Top of PROVIDED INFORMATION
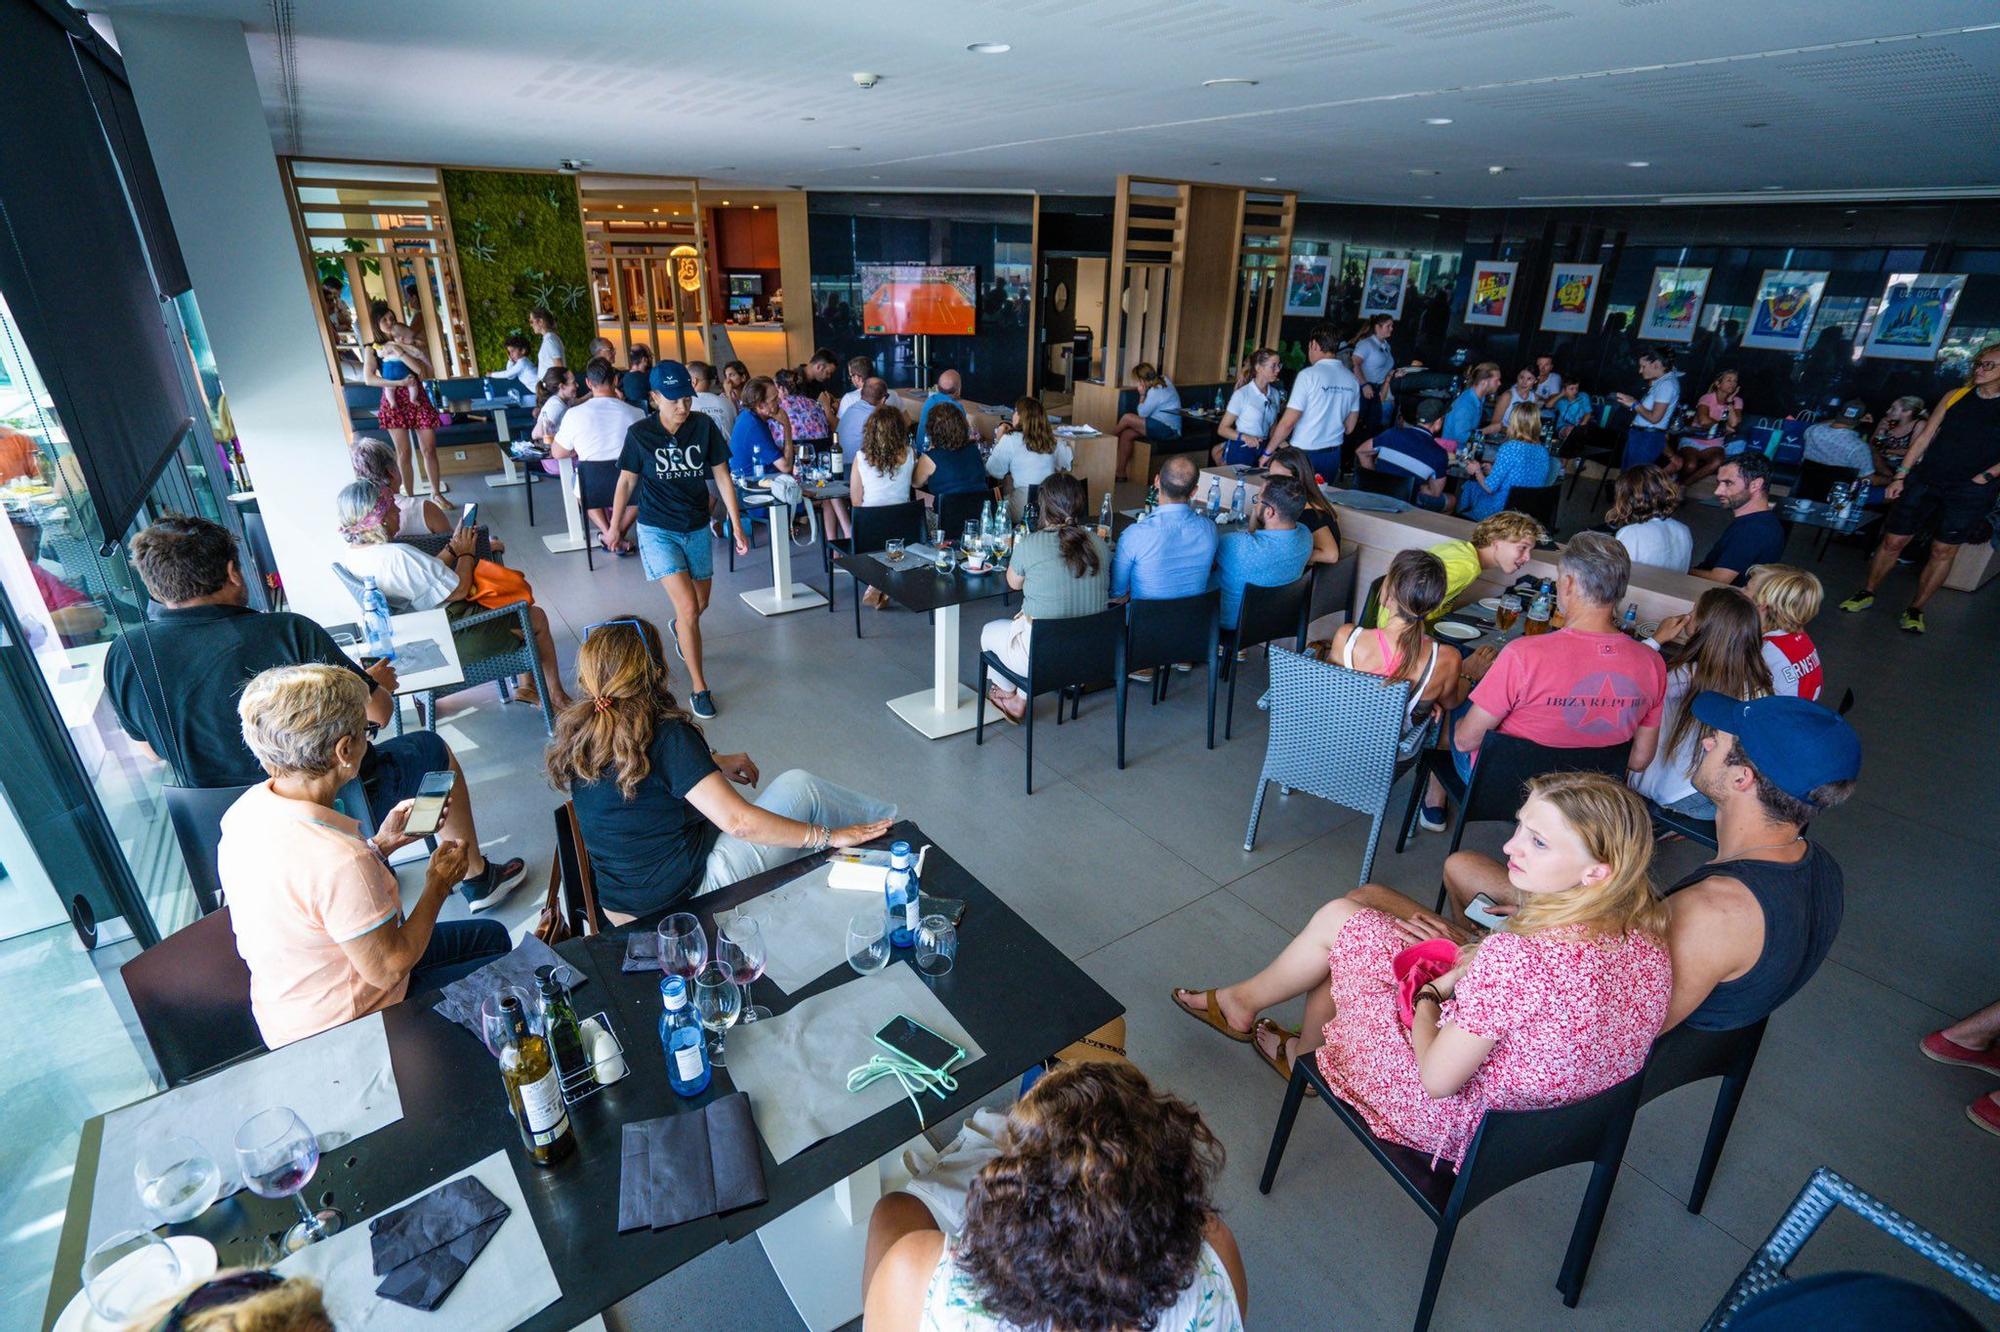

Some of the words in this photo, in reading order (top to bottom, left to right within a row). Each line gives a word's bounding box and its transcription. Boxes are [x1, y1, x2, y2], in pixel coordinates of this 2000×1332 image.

[655, 444, 704, 473] SRC
[656, 469, 704, 480] TENNIS
[1546, 697, 1587, 708] IBIZA
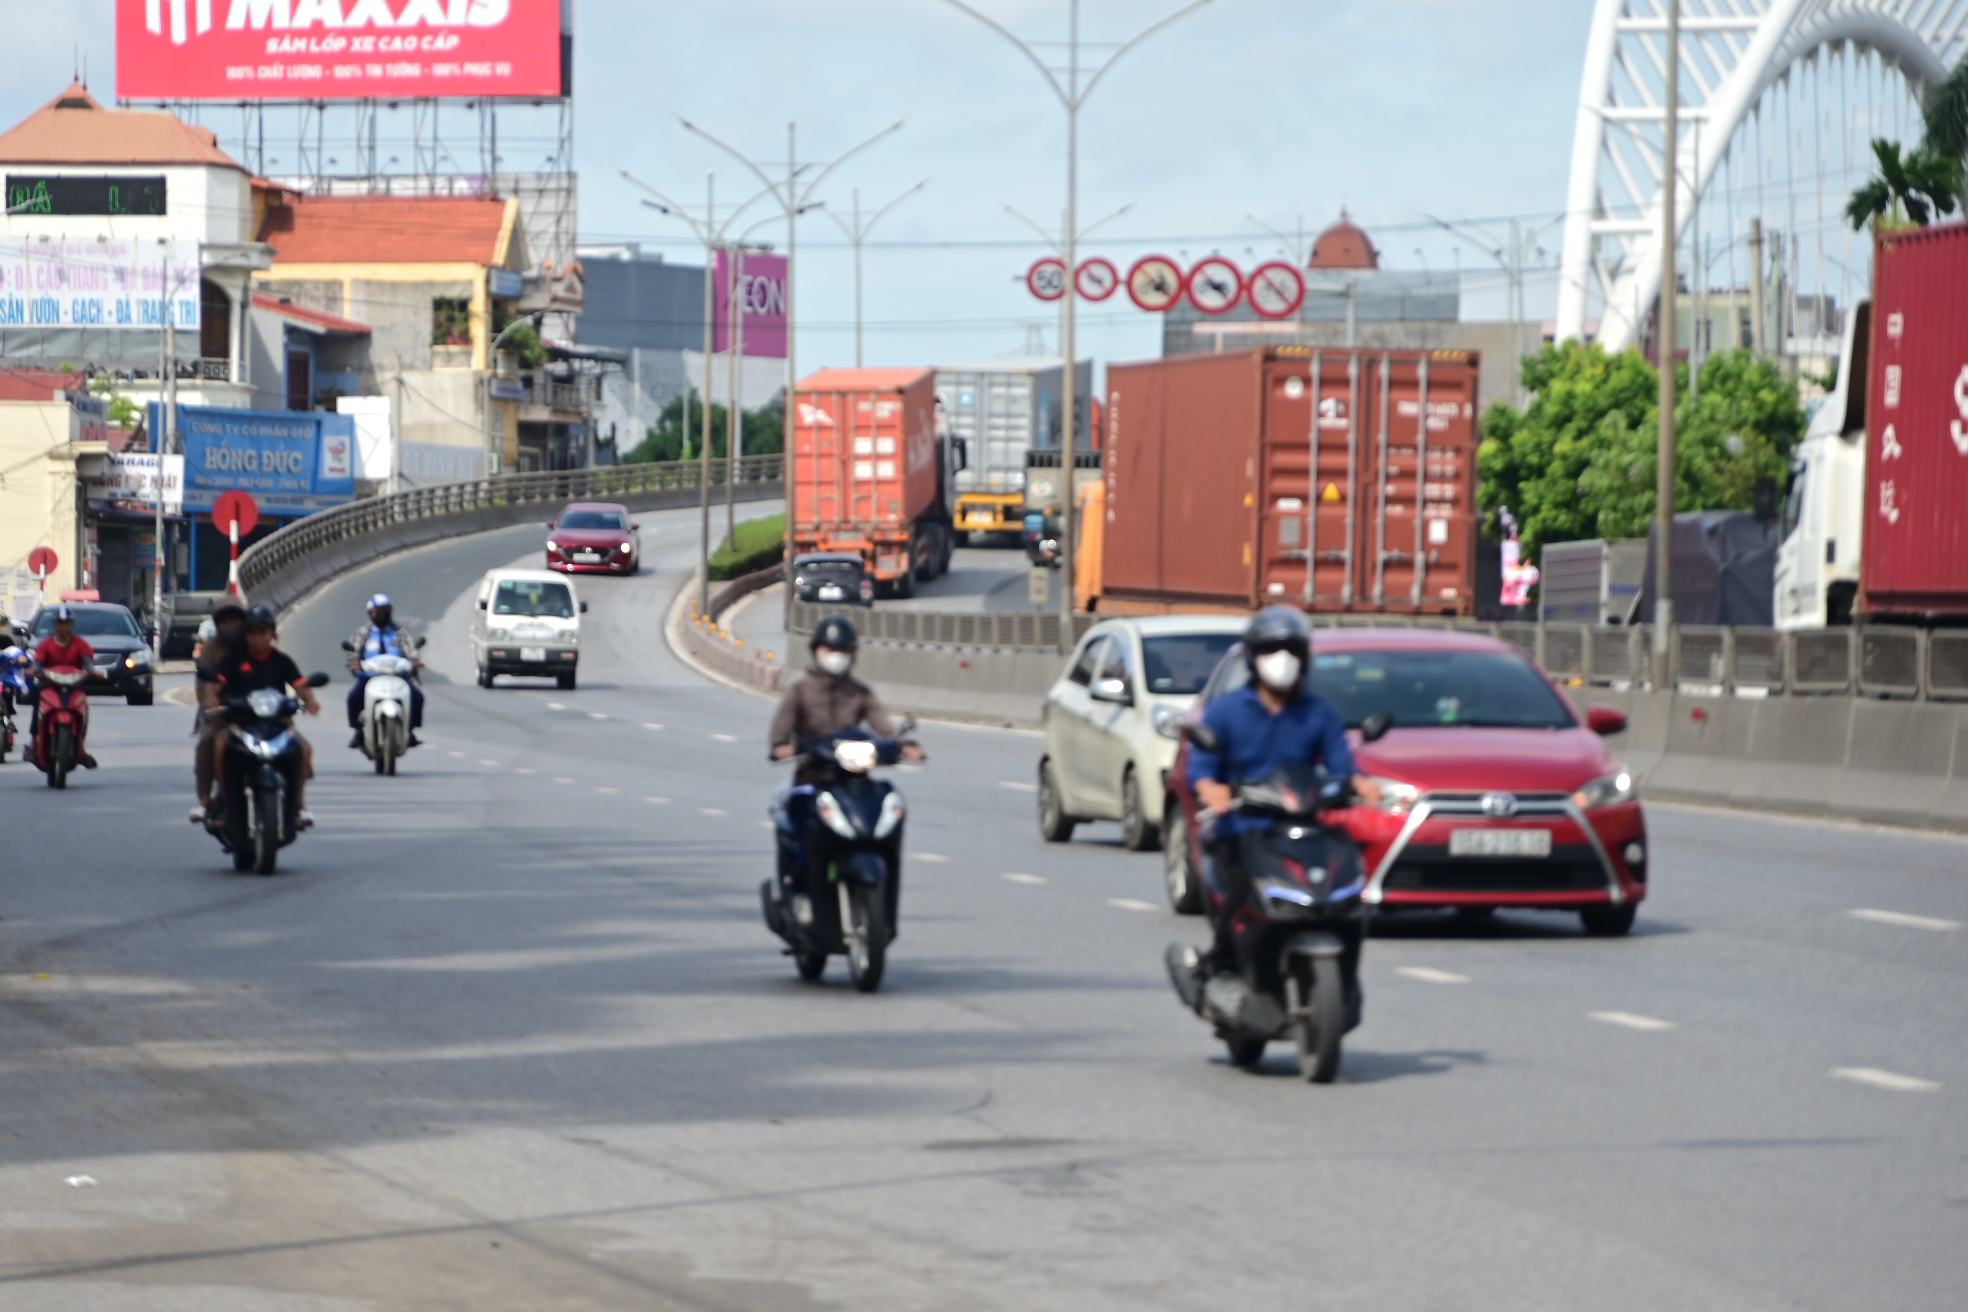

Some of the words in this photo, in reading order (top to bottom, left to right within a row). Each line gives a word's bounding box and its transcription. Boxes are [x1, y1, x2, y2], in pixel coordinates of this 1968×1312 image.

[309, 31, 347, 52] LỐP
[349, 35, 377, 52] XE
[378, 35, 419, 51] CAO
[421, 29, 460, 51] CẤP
[226, 65, 255, 80] 100%
[333, 64, 363, 79] 100%
[431, 62, 461, 78] 100%
[117, 294, 133, 324] ĐÁ
[179, 295, 197, 324] TRÍ
[226, 423, 239, 435] TY
[205, 439, 257, 472] HỒNG
[262, 444, 303, 474] ĐỨC
Bottom of PROVIDED INFORMATION
Your answer should be a precise transcript of the entries, minus the pictures.

Some of the words in this photo, in reading order (top to bottom, left to right within a row). Each line gives a word's bounding box and its transcription. Boxes are [x1, y1, x2, y2], in pixel coordinates of this 2000×1332 image.

[655, 444, 704, 473] SRC
[656, 469, 704, 480] TENNIS
[1546, 697, 1587, 708] IBIZA

Some of the words in this photo, in reading order (top to bottom, left to right within a row). Each line gives a word's bounding box and its transcription. Boxes are [x1, y1, x2, y2], in pixel coordinates of this 1968×1312 image.

[309, 31, 347, 52] LỐP
[349, 35, 377, 52] XE
[378, 35, 419, 51] CAO
[421, 29, 460, 51] CẤP
[226, 65, 255, 80] 100%
[333, 64, 363, 79] 100%
[431, 62, 461, 78] 100%
[117, 294, 133, 324] ĐÁ
[179, 295, 197, 324] TRÍ
[226, 423, 239, 435] TY
[205, 439, 257, 472] HỒNG
[262, 444, 303, 474] ĐỨC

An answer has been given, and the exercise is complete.